Morton Deutsch

E.L. Thorndike Professor and Director Emeritus of the International Center for Cooperation and Conflict Resolution at Teachers College, Columbia University

Interviewed by Julian Portilla, 2003

This rough transcript provides a text alternative to audio. We apologize for occasional errors and unintelligible sections (which are marked with ???).

The other thing I mentioned is a self-fulfilling prophecy. Where you act in such a way that generates a reaction that sustains your initial belief. Another thing I often refer to is unwitting commitments. You get committed to your notion that you're a victim, that the other is treating you unfairly. You develop defenses, you develop attitudes that are difficult to give up because a lot of your subsequent relationship may be based upon those attitudes and roles and views of the other, which you have become invested in. I've had to work individually with some patients who simply had grudges that they felt they could not give up for fear that it would be changing something deeply within them. Including changing something about themselves, like being a victim, that they no longer have to conceive of themselves as a victim. If something happened in the past, that doesn't mean that you have to maintain this orientation. In therapy, a lot of what you have to do with people in these entrenched attitudes and roles is help people face the anxiety of changing. Because changing is to them, something maybe unknown, something that you're not familiar with, not experienced with. And you have to help people acquire a sense of confidence and skill that they can change.

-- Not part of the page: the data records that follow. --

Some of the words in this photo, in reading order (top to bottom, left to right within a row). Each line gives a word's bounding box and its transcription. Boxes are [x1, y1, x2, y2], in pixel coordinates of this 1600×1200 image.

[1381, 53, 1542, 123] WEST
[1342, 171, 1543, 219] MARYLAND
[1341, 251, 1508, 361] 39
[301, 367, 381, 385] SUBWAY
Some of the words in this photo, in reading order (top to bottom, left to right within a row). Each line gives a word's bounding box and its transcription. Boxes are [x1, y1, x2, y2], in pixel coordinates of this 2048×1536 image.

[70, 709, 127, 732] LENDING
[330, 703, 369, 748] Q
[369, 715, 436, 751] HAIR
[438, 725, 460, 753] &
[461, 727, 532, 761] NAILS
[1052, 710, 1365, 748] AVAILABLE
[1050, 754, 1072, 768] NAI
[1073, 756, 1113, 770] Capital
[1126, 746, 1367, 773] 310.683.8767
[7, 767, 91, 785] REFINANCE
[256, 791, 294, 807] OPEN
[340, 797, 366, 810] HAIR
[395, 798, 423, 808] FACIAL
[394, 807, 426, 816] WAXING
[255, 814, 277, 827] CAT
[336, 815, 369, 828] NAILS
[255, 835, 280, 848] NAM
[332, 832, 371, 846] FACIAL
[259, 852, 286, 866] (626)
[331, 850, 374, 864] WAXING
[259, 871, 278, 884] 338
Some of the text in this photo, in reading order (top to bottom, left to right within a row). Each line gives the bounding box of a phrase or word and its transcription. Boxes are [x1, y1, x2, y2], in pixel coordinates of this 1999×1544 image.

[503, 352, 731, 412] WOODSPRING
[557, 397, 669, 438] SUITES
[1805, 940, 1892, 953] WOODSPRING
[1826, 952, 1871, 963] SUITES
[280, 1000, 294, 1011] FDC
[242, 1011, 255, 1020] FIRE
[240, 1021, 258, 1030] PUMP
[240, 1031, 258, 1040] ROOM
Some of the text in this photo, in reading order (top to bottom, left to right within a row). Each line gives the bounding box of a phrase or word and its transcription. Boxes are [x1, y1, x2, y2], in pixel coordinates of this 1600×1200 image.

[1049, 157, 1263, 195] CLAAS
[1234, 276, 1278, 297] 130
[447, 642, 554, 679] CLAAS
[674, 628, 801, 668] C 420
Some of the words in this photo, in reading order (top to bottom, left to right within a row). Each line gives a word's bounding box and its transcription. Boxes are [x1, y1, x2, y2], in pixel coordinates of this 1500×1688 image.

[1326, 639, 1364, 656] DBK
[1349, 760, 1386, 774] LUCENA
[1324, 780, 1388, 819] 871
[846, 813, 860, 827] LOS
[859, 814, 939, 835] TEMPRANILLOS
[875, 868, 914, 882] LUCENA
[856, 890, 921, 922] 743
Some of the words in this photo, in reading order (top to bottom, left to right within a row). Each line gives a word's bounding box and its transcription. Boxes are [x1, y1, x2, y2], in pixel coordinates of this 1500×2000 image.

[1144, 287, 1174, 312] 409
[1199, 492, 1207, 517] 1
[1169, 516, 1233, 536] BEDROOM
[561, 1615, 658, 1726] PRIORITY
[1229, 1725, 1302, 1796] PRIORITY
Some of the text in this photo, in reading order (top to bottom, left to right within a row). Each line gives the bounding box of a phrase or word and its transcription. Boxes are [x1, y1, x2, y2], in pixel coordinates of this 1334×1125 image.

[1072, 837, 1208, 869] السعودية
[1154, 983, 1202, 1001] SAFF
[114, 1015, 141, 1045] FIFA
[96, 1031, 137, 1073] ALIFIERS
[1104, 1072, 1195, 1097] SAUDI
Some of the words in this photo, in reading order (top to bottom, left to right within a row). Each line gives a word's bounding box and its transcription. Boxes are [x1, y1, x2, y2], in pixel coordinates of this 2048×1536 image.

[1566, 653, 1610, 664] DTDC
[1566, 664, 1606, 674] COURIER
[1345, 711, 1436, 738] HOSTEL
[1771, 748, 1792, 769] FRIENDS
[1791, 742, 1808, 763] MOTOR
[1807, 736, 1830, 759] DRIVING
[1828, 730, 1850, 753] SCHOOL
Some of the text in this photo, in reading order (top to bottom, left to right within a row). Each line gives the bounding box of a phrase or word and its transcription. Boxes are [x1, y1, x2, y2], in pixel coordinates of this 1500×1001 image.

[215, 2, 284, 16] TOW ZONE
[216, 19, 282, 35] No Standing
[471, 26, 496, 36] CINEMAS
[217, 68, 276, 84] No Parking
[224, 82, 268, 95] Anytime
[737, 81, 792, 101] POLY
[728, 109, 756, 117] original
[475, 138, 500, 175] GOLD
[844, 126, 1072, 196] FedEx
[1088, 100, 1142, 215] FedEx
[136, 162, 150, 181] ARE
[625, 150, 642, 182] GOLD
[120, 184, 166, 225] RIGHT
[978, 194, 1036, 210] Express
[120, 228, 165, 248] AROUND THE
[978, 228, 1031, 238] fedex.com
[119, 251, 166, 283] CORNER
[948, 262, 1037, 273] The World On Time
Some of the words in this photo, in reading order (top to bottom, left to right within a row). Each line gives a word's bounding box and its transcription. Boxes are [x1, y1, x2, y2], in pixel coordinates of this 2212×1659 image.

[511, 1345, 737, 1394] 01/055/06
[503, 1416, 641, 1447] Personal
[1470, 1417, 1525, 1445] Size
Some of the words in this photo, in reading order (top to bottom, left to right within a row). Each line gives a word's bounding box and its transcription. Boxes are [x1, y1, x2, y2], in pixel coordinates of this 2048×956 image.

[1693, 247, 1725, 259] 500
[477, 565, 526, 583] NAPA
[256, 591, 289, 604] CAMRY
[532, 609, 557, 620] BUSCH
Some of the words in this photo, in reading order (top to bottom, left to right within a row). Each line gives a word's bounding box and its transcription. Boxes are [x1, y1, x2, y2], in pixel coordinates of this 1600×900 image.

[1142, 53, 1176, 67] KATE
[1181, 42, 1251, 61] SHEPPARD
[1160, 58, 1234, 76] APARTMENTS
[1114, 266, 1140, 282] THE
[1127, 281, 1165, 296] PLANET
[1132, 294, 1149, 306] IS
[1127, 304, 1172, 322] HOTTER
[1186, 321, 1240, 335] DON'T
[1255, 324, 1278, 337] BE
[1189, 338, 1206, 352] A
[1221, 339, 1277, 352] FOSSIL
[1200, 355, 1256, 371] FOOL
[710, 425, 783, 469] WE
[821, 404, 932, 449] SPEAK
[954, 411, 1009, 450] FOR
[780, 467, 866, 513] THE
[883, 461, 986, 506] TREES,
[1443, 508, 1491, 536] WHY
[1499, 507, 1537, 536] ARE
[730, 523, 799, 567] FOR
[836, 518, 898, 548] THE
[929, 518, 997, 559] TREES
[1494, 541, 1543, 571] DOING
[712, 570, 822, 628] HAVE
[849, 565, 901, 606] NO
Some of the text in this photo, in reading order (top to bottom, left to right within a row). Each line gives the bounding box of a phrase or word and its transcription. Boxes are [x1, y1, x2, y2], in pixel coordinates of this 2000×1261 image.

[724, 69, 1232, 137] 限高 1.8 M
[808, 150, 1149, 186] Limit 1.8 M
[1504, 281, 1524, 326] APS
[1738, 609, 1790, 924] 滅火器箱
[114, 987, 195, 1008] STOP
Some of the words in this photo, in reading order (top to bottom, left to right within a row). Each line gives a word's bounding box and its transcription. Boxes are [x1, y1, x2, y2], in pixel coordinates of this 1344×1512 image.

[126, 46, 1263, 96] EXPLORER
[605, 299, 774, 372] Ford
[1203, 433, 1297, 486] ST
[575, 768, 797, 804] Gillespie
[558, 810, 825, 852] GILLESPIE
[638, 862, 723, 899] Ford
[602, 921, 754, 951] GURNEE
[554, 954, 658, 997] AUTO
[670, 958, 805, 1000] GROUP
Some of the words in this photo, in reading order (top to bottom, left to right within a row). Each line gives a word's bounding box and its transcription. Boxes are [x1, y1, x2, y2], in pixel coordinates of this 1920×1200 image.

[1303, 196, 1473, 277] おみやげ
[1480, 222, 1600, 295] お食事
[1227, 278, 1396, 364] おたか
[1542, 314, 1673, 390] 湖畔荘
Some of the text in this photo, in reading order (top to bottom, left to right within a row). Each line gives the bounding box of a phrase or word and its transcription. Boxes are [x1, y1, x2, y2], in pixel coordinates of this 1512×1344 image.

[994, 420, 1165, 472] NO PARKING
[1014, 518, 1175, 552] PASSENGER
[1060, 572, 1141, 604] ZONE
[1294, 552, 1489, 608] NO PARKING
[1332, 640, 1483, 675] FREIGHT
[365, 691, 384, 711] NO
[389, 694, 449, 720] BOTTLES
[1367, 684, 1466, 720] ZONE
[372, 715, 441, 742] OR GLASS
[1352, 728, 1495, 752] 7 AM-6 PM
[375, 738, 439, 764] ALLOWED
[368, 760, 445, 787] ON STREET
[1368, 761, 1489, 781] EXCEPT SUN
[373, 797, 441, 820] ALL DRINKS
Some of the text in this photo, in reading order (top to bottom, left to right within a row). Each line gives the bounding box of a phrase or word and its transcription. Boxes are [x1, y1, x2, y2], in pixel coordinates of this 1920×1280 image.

It was not necessarily the best outcome, but it was an outcome that both could live with, even though it may have given them less income for other purposes. It then enormously dropped the acrimony and enabled them to live together even though there were some basic differences. Here's where being a psychoanalyst and understanding the inner psychic processes that are involved is important, why people make that kind of choice. I mean, the woman had some investment in feeling like a victim because she was not confident whether she would be successful in her career. So if she had a husband who created a lot of obstacles that, in a sense, gave her an excuse against the possibility of failure. A man, who had troubles in intimate relations, having a wife who was somewhat bitter towards him, enabled him to keep his distance, and to feel not like he really had to open himself up, which would have been very difficult for him personally. You had to work with those elements individually so that those would not hinder, even though they were not completely eliminated.